*Dataset entries*
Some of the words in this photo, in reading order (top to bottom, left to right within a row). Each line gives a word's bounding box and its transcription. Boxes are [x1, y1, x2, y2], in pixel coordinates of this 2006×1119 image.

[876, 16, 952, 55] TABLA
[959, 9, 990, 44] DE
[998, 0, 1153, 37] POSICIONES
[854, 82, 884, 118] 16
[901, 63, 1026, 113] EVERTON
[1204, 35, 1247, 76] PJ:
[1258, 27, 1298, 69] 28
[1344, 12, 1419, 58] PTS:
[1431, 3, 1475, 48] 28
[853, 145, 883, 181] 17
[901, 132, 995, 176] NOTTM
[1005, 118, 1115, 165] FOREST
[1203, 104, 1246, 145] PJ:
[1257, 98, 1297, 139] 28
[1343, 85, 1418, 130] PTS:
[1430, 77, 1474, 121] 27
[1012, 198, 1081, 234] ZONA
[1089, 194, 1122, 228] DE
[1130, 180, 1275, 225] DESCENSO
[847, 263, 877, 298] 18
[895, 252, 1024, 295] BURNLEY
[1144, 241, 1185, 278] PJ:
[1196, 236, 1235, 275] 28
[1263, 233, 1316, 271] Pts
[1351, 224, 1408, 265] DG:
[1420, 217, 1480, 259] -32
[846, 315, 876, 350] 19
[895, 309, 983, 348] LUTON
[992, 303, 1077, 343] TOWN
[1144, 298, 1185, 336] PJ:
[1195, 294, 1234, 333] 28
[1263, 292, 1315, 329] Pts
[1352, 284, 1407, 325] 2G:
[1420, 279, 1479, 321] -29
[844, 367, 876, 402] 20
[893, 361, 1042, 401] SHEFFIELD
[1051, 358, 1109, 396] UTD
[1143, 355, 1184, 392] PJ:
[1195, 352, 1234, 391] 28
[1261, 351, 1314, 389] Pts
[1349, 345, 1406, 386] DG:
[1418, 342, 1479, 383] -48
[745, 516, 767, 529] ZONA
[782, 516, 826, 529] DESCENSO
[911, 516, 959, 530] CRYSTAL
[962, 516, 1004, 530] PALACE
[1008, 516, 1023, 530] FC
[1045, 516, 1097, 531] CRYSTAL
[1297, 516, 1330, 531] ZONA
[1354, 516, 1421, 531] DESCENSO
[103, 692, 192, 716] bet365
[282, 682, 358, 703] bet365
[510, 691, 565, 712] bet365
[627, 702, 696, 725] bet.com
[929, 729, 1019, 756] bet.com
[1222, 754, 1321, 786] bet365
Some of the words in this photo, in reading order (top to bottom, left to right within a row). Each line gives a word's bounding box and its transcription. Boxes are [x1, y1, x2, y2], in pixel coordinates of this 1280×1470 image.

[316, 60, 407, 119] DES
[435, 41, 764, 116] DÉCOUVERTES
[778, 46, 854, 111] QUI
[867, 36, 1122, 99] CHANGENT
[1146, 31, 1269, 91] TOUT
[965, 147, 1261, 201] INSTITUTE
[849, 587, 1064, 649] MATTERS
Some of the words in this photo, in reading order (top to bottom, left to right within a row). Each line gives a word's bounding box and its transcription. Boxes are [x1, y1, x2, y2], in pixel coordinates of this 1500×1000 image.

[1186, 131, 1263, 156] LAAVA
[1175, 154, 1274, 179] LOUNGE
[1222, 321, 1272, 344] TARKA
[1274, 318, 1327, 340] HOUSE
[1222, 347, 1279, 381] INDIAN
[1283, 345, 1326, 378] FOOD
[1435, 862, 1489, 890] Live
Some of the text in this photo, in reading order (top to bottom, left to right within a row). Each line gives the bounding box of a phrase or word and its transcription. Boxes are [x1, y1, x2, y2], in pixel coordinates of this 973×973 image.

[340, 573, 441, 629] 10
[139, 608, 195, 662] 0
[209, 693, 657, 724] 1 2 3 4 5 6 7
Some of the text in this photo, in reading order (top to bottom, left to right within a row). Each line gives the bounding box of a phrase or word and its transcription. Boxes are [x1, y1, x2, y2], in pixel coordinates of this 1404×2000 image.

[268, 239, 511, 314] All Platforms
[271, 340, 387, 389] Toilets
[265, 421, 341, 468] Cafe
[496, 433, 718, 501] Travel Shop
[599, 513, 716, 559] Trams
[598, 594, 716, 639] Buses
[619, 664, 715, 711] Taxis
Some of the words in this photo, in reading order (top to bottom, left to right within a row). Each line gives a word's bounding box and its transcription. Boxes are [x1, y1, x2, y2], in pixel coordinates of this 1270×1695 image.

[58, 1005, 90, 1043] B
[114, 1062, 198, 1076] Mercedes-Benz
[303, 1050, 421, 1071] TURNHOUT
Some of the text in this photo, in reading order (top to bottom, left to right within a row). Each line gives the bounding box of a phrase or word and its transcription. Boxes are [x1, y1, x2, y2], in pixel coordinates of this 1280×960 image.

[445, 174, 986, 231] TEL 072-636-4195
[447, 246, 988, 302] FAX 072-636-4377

*EXERCISE GOAL*
Please copy each line above exactly as written.

*RESPONSE AREA*
Some of the words in this photo, in reading order (top to bottom, left to right within a row). Each line gives a word's bounding box and its transcription. Boxes are [x1, y1, x2, y2], in pixel coordinates of this 2006×1119 image.

[876, 16, 952, 55] TABLA
[959, 9, 990, 44] DE
[998, 0, 1153, 37] POSICIONES
[854, 82, 884, 118] 16
[901, 63, 1026, 113] EVERTON
[1204, 35, 1247, 76] PJ:
[1258, 27, 1298, 69] 28
[1344, 12, 1419, 58] PTS:
[1431, 3, 1475, 48] 28
[853, 145, 883, 181] 17
[901, 132, 995, 176] NOTTM
[1005, 118, 1115, 165] FOREST
[1203, 104, 1246, 145] PJ:
[1257, 98, 1297, 139] 28
[1343, 85, 1418, 130] PTS:
[1430, 77, 1474, 121] 27
[1012, 198, 1081, 234] ZONA
[1089, 194, 1122, 228] DE
[1130, 180, 1275, 225] DESCENSO
[847, 263, 877, 298] 18
[895, 252, 1024, 295] BURNLEY
[1144, 241, 1185, 278] PJ:
[1196, 236, 1235, 275] 28
[1263, 233, 1316, 271] Pts
[1351, 224, 1408, 265] DG:
[1420, 217, 1480, 259] -32
[846, 315, 876, 350] 19
[895, 309, 983, 348] LUTON
[992, 303, 1077, 343] TOWN
[1144, 298, 1185, 336] PJ:
[1195, 294, 1234, 333] 28
[1263, 292, 1315, 329] Pts
[1352, 284, 1407, 325] 2G:
[1420, 279, 1479, 321] -29
[844, 367, 876, 402] 20
[893, 361, 1042, 401] SHEFFIELD
[1051, 358, 1109, 396] UTD
[1143, 355, 1184, 392] PJ:
[1195, 352, 1234, 391] 28
[1261, 351, 1314, 389] Pts
[1349, 345, 1406, 386] DG:
[1418, 342, 1479, 383] -48
[745, 516, 767, 529] ZONA
[782, 516, 826, 529] DESCENSO
[911, 516, 959, 530] CRYSTAL
[962, 516, 1004, 530] PALACE
[1008, 516, 1023, 530] FC
[1045, 516, 1097, 531] CRYSTAL
[1297, 516, 1330, 531] ZONA
[1354, 516, 1421, 531] DESCENSO
[103, 692, 192, 716] bet365
[282, 682, 358, 703] bet365
[510, 691, 565, 712] bet365
[627, 702, 696, 725] bet.com
[929, 729, 1019, 756] bet.com
[1222, 754, 1321, 786] bet365
Some of the words in this photo, in reading order (top to bottom, left to right within a row). Each line gives a word's bounding box and its transcription. Boxes are [x1, y1, x2, y2], in pixel coordinates of this 1280×1470 image.

[316, 60, 407, 119] DES
[435, 41, 764, 116] DÉCOUVERTES
[778, 46, 854, 111] QUI
[867, 36, 1122, 99] CHANGENT
[1146, 31, 1269, 91] TOUT
[965, 147, 1261, 201] INSTITUTE
[849, 587, 1064, 649] MATTERS
Some of the words in this photo, in reading order (top to bottom, left to right within a row). Each line gives a word's bounding box and its transcription. Boxes are [x1, y1, x2, y2], in pixel coordinates of this 1500×1000 image.

[1186, 131, 1263, 156] LAAVA
[1175, 154, 1274, 179] LOUNGE
[1222, 321, 1272, 344] TARKA
[1274, 318, 1327, 340] HOUSE
[1222, 347, 1279, 381] INDIAN
[1283, 345, 1326, 378] FOOD
[1435, 862, 1489, 890] Live
Some of the text in this photo, in reading order (top to bottom, left to right within a row). Each line gives the bounding box of a phrase or word and its transcription. Boxes are [x1, y1, x2, y2], in pixel coordinates of this 973×973 image.

[340, 573, 441, 629] 10
[139, 608, 195, 662] 0
[209, 693, 657, 724] 1 2 3 4 5 6 7
Some of the text in this photo, in reading order (top to bottom, left to right within a row). Each line gives the bounding box of a phrase or word and its transcription. Boxes are [x1, y1, x2, y2], in pixel coordinates of this 1404×2000 image.

[268, 239, 511, 314] All Platforms
[271, 340, 387, 389] Toilets
[265, 421, 341, 468] Cafe
[496, 433, 718, 501] Travel Shop
[599, 513, 716, 559] Trams
[598, 594, 716, 639] Buses
[619, 664, 715, 711] Taxis
Some of the words in this photo, in reading order (top to bottom, left to right within a row). Each line gives a word's bounding box and its transcription. Boxes are [x1, y1, x2, y2], in pixel coordinates of this 1270×1695 image.

[58, 1005, 90, 1043] B
[114, 1062, 198, 1076] Mercedes-Benz
[303, 1050, 421, 1071] TURNHOUT
Some of the text in this photo, in reading order (top to bottom, left to right within a row). Each line gives the bounding box of a phrase or word and its transcription. Boxes are [x1, y1, x2, y2], in pixel coordinates of this 1280×960 image.

[445, 174, 986, 231] TEL 072-636-4195
[447, 246, 988, 302] FAX 072-636-4377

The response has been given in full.